Tuesday, January 1, 2008

What I'm Watching...

Mira Nair's gentle meditation about cultural disorientation is a quiet film in which nothing much happens, that is, besides the ordinary events of life. An immigrant couple in New York from India has two children. The children grow up in suburbia and become adults. Key characters work, have relationships, and die in the natural course of their lives. A rather mundane story, after all.

Nair's genius lies in two aspects of telling this simple tale. First, life through her eyes is stunningly beautiful. This film, like her others, exhibits the lush sensuality of India itself--its vivid colors, textures and sounds. Whether it is the dramatic decor of a Bengali wedding, the striking whiteness of a Hindu funeral, or the common streets, apartments and work places of New York, sights and sounds burst all around with life and vitality. The awkward and tentative lovemaking of a young couple whose marriage was arranged, or a single shot of samosas sizzling in a pan on a hot stove can evoke intense passion and yearning.

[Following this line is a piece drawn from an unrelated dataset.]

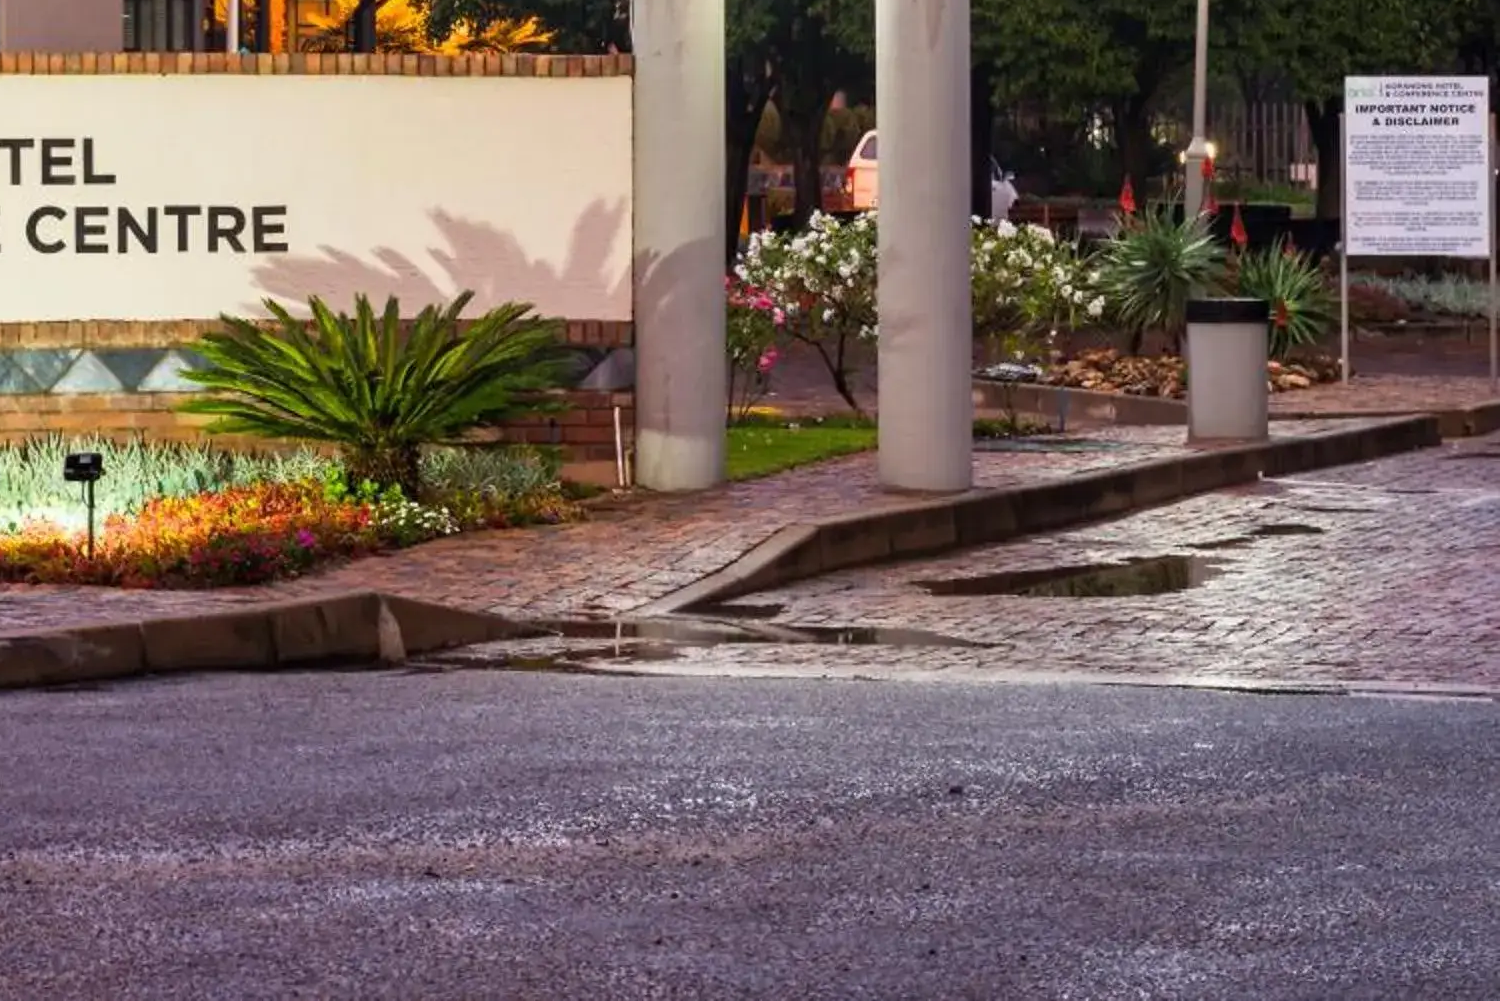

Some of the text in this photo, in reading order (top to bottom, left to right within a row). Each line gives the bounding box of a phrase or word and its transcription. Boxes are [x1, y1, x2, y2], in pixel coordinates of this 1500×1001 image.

[1355, 104, 1476, 114] IMPORTANT NOTICE
[1372, 116, 1460, 126] & DISCLAIMER
[25, 205, 289, 254] CENTRE
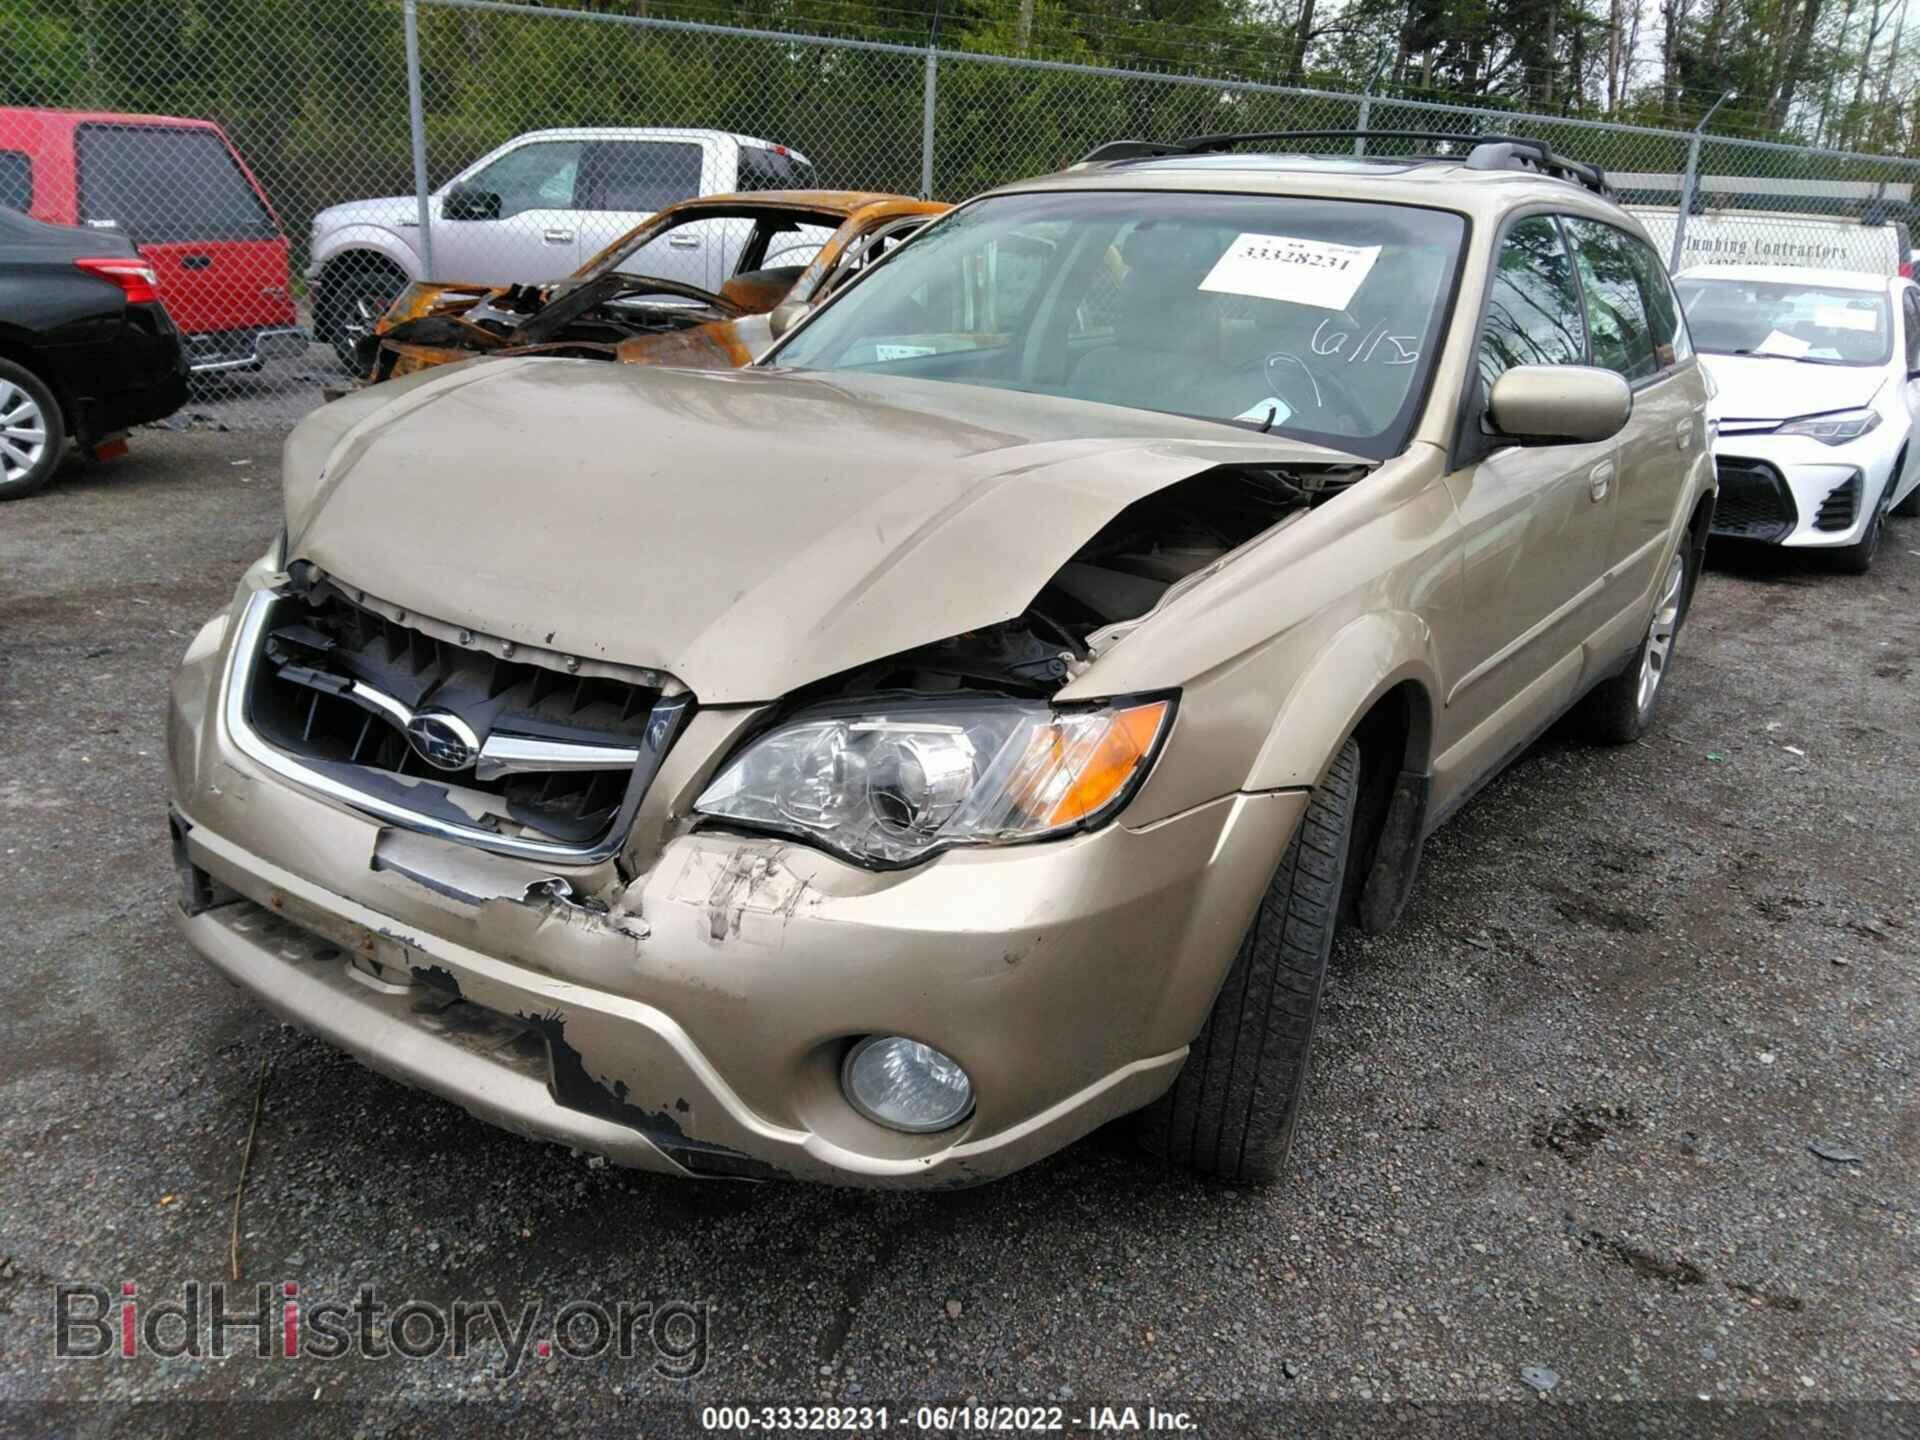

Second, her characters are genuine and reveal the depth of ordinary life experience. The three primary characters, father Ashoke (Irfan Khan), mother Ashima (Tabu), and son, Gogol (Kal Penn) all demonstrate remarkable capacity to be quiet and patient in their roles. Words like modest, graceful, gentle, thoughtful and careful describe them well. We learn the full force of ordinary events by watching them simply be real people who feel that force and don't by their acting try to persuade us how significant these things are.

The film's title and much of its subplot refers to the name "Gogol" given to the son. Nicolai Gogol was a Russian author, and it is intriguing to watch how a Russian name given to an American boy by his Indian immigrant parents helps him negotiate the tricky journey of figuring out one's cultural identity and place in the world.